You fell asleep in your film studies class, seven different people had all chosen ‘twin peaks:fire walk with me’ to write an essay on. You laugh as they speak nonsensically about Laura Palmer and how the movie was more about discovering who she was than how she was murdered, it's all the same recycled garbage you said a year ago, back when your professor was that feminist guy. You picture Dale Cooper in a red room, you remember when the constant jokes from the simpsons, you think about Laura Palmer's cold blue body on the beach wrapped in plastic and then how david lynch left the show and it all became fucked up. Someone drones on about American psycho and how the murders were in his head. 
You leave class, smoke a cigarette outside in the parking lot and lean against your beat up car. Your cracked ipod nano plays Jeff Buckley and Elliott Smith simultaneously and then some 80s song you used to be so obsessed with and it reminds you of how your ex drove you home after you broke up with him, how his hand gripped yours and you didn't hold it back. You don't sob like usual. You don't think about how he was so angry he held your neck without squeezing, just to look you in the eyes and call you a bitch. 
You fidget with your dungarees and then drive to work. Leaning against the counter as you watch kids flick through comics and then flick though vinyls laughing at covers with girls with their huge tits out, and then looking at the r-rated movies with eyes and needles. Then leaving a mess and stepping out of the shop without buying anything. You steal a pack of gum from the display in front of you and change the cassette to the b side, you repeat this till it's 8pm and dark outside.
Then it's time to close up the shop, shutting the blinds, switching off all the lights, you close and lock the front door with the keys, and shove them deep into your pocket. It's a cold and icy night.
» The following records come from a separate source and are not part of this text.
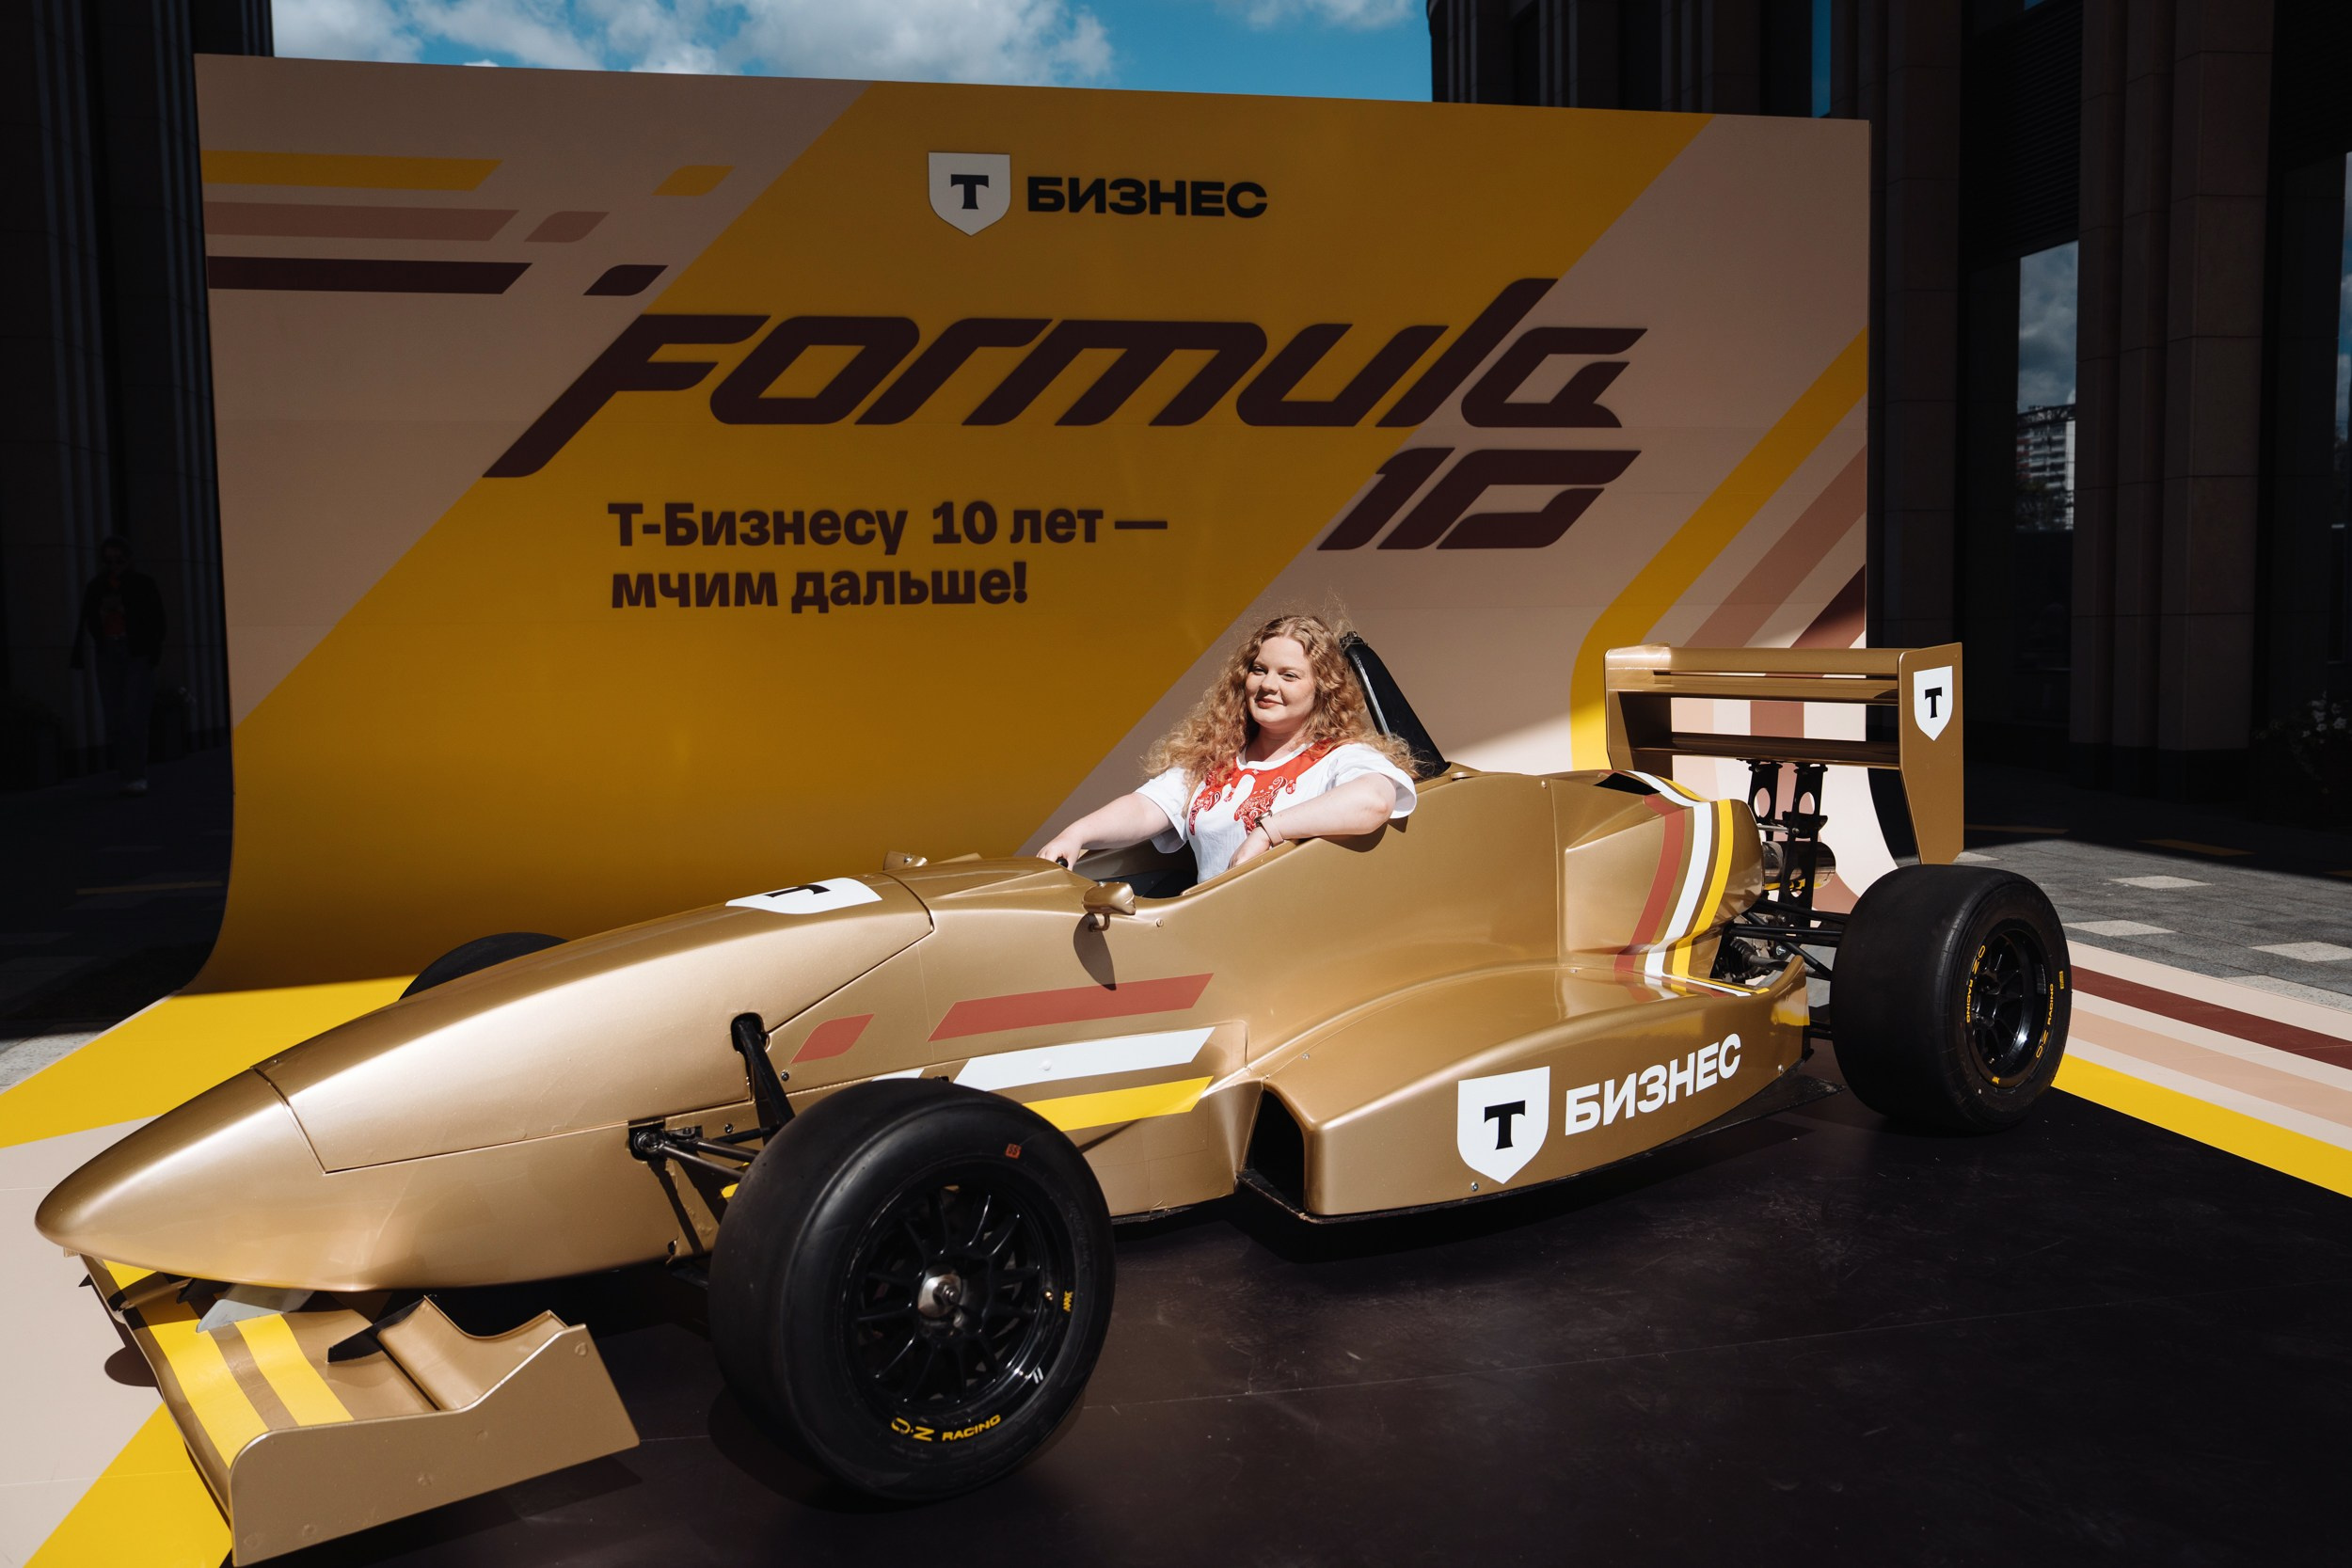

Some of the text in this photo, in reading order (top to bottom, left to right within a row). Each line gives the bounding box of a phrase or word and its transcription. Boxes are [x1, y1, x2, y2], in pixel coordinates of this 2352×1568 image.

[1026, 176, 1268, 219] БИЗНЕС
[481, 277, 1649, 478] Formula
[1316, 447, 1643, 551] 10
[607, 502, 909, 555] Т-Бизнесу
[931, 500, 998, 545] 10
[1009, 508, 1104, 544] лет
[612, 561, 1028, 614] мчим дальше!
[1965, 979, 1974, 1023] RACING
[1565, 1033, 1741, 1136] БИЗНЕС
[942, 1414, 1001, 1441] RACING
You pull the vintage motorcycle jacket you stole from your ex around your shoulders and light a cigarette. Walking around the side of the shop deep into the alleyway to get your car from the employee car park behind all the shops, you stop in your tracks. Gravel kicking against the wall.
Theres a whine and a moan and you almost think someones fucking until you notice the trail of blood that leads exactly to the body in the corner, who ever it is put up a fight. There's a man clambering over him, a camera swinging to the side of his body as you watch him cut deep into his chest,his guts spill intestines falling out into the concrete like confetti, you hear it slap to the floor. You feel sick. 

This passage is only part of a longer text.